--- START ---

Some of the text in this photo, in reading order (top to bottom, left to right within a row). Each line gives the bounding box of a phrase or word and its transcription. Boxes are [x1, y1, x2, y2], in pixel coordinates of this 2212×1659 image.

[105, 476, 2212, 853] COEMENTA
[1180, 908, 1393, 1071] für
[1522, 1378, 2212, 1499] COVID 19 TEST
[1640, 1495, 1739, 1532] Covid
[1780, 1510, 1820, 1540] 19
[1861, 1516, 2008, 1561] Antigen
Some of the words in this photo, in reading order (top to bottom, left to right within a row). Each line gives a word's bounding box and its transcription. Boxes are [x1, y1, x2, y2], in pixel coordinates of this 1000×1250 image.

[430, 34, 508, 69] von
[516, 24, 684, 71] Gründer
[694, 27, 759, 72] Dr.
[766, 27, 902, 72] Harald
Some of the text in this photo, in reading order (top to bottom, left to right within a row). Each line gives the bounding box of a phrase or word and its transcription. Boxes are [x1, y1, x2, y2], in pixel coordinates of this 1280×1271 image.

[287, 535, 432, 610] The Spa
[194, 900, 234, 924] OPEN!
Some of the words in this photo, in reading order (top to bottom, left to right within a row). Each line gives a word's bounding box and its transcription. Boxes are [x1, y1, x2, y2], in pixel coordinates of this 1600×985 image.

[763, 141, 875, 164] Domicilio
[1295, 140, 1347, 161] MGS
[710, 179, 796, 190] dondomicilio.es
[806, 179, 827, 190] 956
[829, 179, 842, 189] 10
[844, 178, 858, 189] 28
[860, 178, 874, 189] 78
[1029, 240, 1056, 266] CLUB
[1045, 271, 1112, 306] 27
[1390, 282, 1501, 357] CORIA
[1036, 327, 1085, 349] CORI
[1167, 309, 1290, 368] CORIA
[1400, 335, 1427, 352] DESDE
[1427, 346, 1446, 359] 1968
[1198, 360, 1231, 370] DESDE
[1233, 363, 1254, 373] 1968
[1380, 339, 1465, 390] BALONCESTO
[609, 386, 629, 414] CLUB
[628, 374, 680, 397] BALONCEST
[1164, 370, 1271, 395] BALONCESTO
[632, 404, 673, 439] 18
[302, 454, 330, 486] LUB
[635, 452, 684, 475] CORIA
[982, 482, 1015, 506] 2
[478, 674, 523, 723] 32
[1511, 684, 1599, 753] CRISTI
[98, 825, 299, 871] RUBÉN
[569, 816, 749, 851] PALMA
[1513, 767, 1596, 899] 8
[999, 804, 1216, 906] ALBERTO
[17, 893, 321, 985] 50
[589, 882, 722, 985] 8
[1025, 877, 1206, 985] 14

--- END ---

EXERCISE: The records shown above are to be copied exactly, every one of them.

SOLVED PROBLEM:
Some of the text in this photo, in reading order (top to bottom, left to right within a row). Each line gives the bounding box of a phrase or word and its transcription. Boxes are [x1, y1, x2, y2], in pixel coordinates of this 2212×1659 image.

[105, 476, 2212, 853] COEMENTA
[1180, 908, 1393, 1071] für
[1522, 1378, 2212, 1499] COVID 19 TEST
[1640, 1495, 1739, 1532] Covid
[1780, 1510, 1820, 1540] 19
[1861, 1516, 2008, 1561] Antigen
Some of the words in this photo, in reading order (top to bottom, left to right within a row). Each line gives a word's bounding box and its transcription. Boxes are [x1, y1, x2, y2], in pixel coordinates of this 1000×1250 image.

[430, 34, 508, 69] von
[516, 24, 684, 71] Gründer
[694, 27, 759, 72] Dr.
[766, 27, 902, 72] Harald
Some of the text in this photo, in reading order (top to bottom, left to right within a row). Each line gives the bounding box of a phrase or word and its transcription. Boxes are [x1, y1, x2, y2], in pixel coordinates of this 1280×1271 image.

[287, 535, 432, 610] The Spa
[194, 900, 234, 924] OPEN!
Some of the words in this photo, in reading order (top to bottom, left to right within a row). Each line gives a word's bounding box and its transcription. Boxes are [x1, y1, x2, y2], in pixel coordinates of this 1600×985 image.

[763, 141, 875, 164] Domicilio
[1295, 140, 1347, 161] MGS
[710, 179, 796, 190] dondomicilio.es
[806, 179, 827, 190] 956
[829, 179, 842, 189] 10
[844, 178, 858, 189] 28
[860, 178, 874, 189] 78
[1029, 240, 1056, 266] CLUB
[1045, 271, 1112, 306] 27
[1390, 282, 1501, 357] CORIA
[1036, 327, 1085, 349] CORI
[1167, 309, 1290, 368] CORIA
[1400, 335, 1427, 352] DESDE
[1427, 346, 1446, 359] 1968
[1198, 360, 1231, 370] DESDE
[1233, 363, 1254, 373] 1968
[1380, 339, 1465, 390] BALONCESTO
[609, 386, 629, 414] CLUB
[628, 374, 680, 397] BALONCEST
[1164, 370, 1271, 395] BALONCESTO
[632, 404, 673, 439] 18
[302, 454, 330, 486] LUB
[635, 452, 684, 475] CORIA
[982, 482, 1015, 506] 2
[478, 674, 523, 723] 32
[1511, 684, 1599, 753] CRISTI
[98, 825, 299, 871] RUBÉN
[569, 816, 749, 851] PALMA
[1513, 767, 1596, 899] 8
[999, 804, 1216, 906] ALBERTO
[17, 893, 321, 985] 50
[589, 882, 722, 985] 8
[1025, 877, 1206, 985] 14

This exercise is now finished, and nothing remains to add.